TKB: Your piece in the Financial Times suggested you decided not to tell anyone in your team that you were going to resign. Could you explain a bit more about why you thought that was the right approach?

JJ: Who would I tell in my team? It’s obviously quite sensitive information, you wouldn’t go around telling large groups of people you’re going to resign, you just have to get on and do it.

CH: I think you said something to the effect that somebody you worked with only found out when everybody else did.

JJ: No, my policy adviser, a very bright woman. But I didn’t tell anybody, I just wrote my resignation piece and resigned. Because you can’t tell people when you’re about to resign, you’ve just got to go on and do it.

TKB: What achievement are you most proud of from your whole time in government?

JJ: I am proud of lots of things. I am proud of the 2015 manifesto that won us, or helped to win us, the first majority in almost a quarter of a century. It was a coherent programme of socially liberal, fiscally conservative policies that enabled the Conservative Party to reach out beyond a core base of supporters. David Cameron deserved that majority and it was a shame we lost it in 2017. So that’s one thing I am very proud of.

The other thing I am very proud of is the Higher Education and Research Act and all the work that went into that across two departments. I hope it leads to a stronger university sector and science base as a result.

TKB: What would your advice be to a new minister on how to be effective in office?

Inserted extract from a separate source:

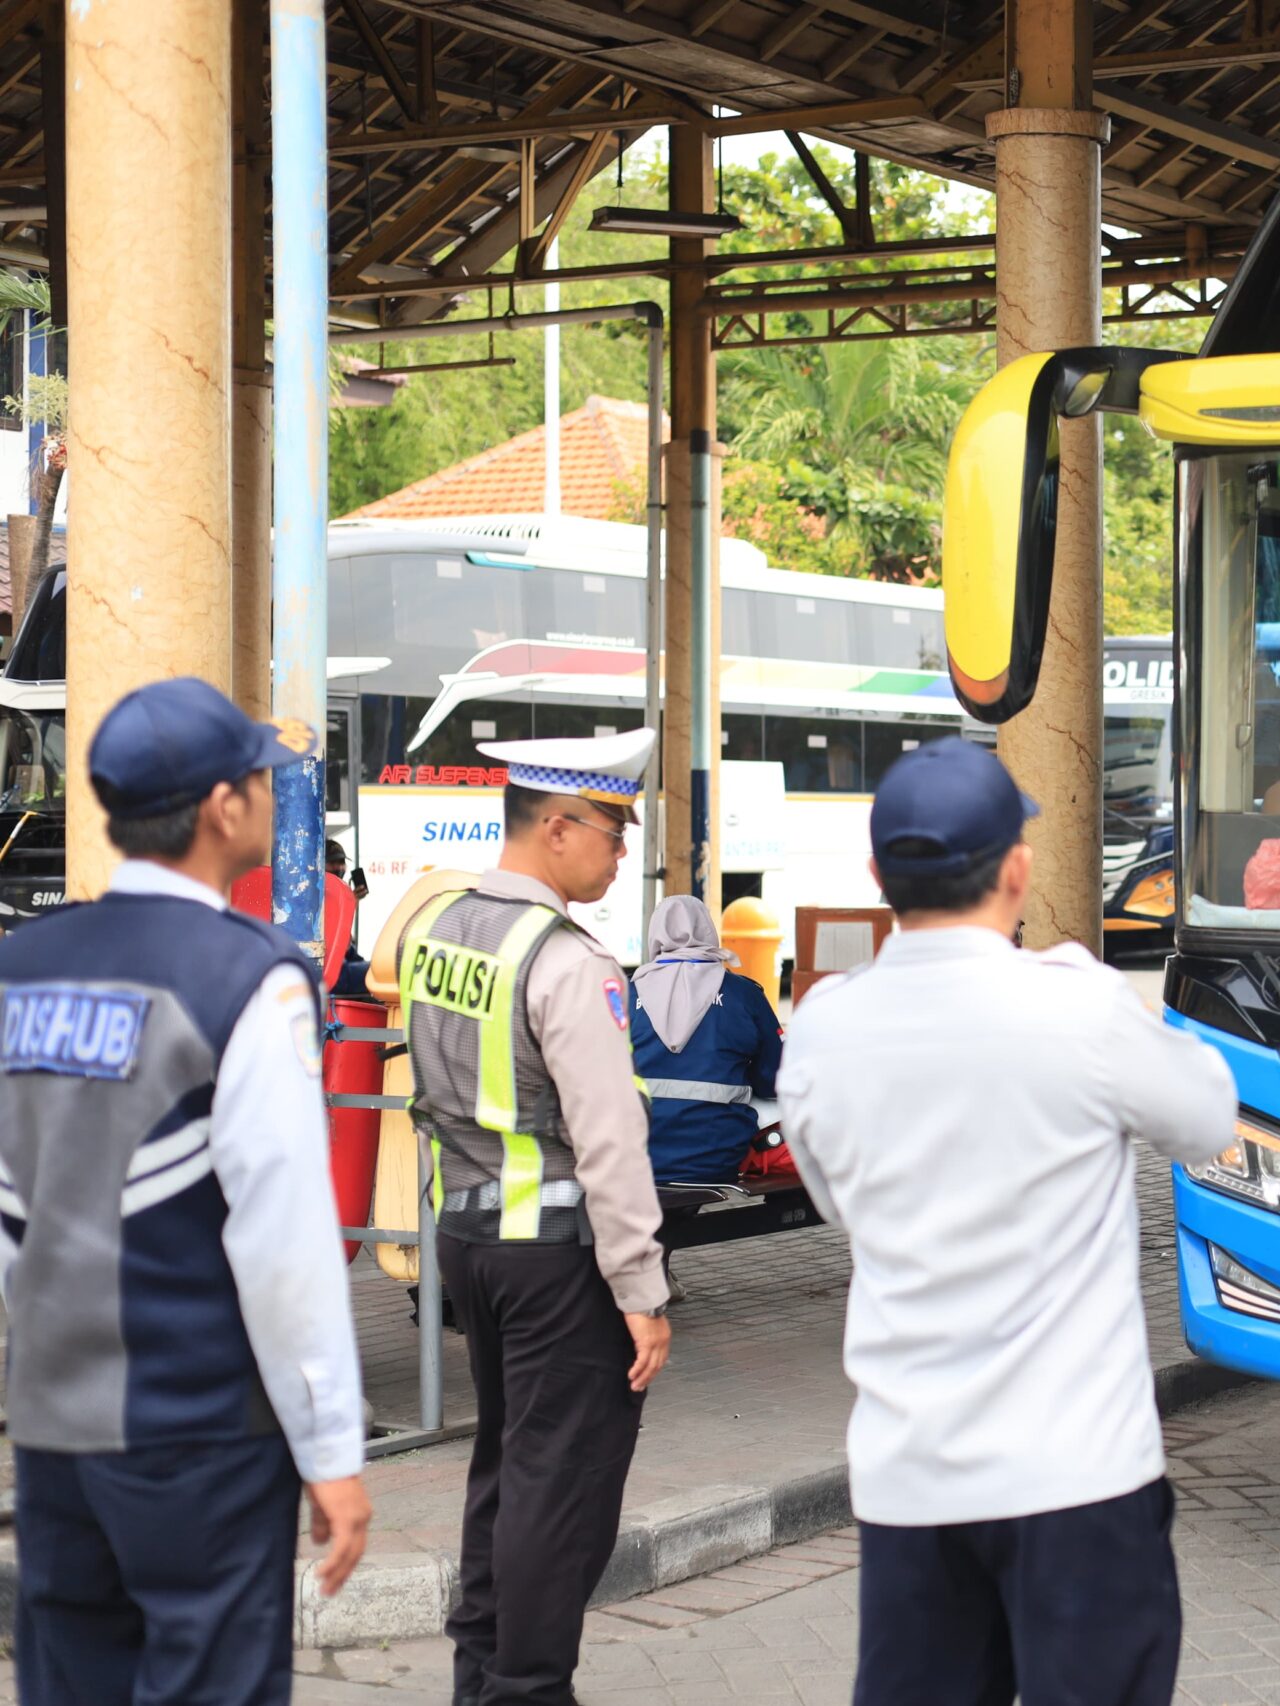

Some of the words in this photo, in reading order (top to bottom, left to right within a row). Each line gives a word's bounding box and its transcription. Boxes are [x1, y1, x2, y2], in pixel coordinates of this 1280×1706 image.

[379, 764, 412, 785] AIR
[422, 821, 501, 842] SINAR
[408, 944, 499, 1013] POLISI
[2, 994, 135, 1067] DISHUB

JJ: You’ve got to genuinely love the brief. If you don’t love the brief and if you’re not absolutely passionate about it, these jobs can be very painful because they’re enormously challenging, and if you’re not passionate about it, genuinely passionate, it’s very hard to do. You’ve got to be able to throw yourself whole heartedly into it, there’s no point at all in just taking a job for the title because the satisfaction of having a title wears off pretty rapidly and you’ve got to be genuinely interested in the issues to make it worthwhile.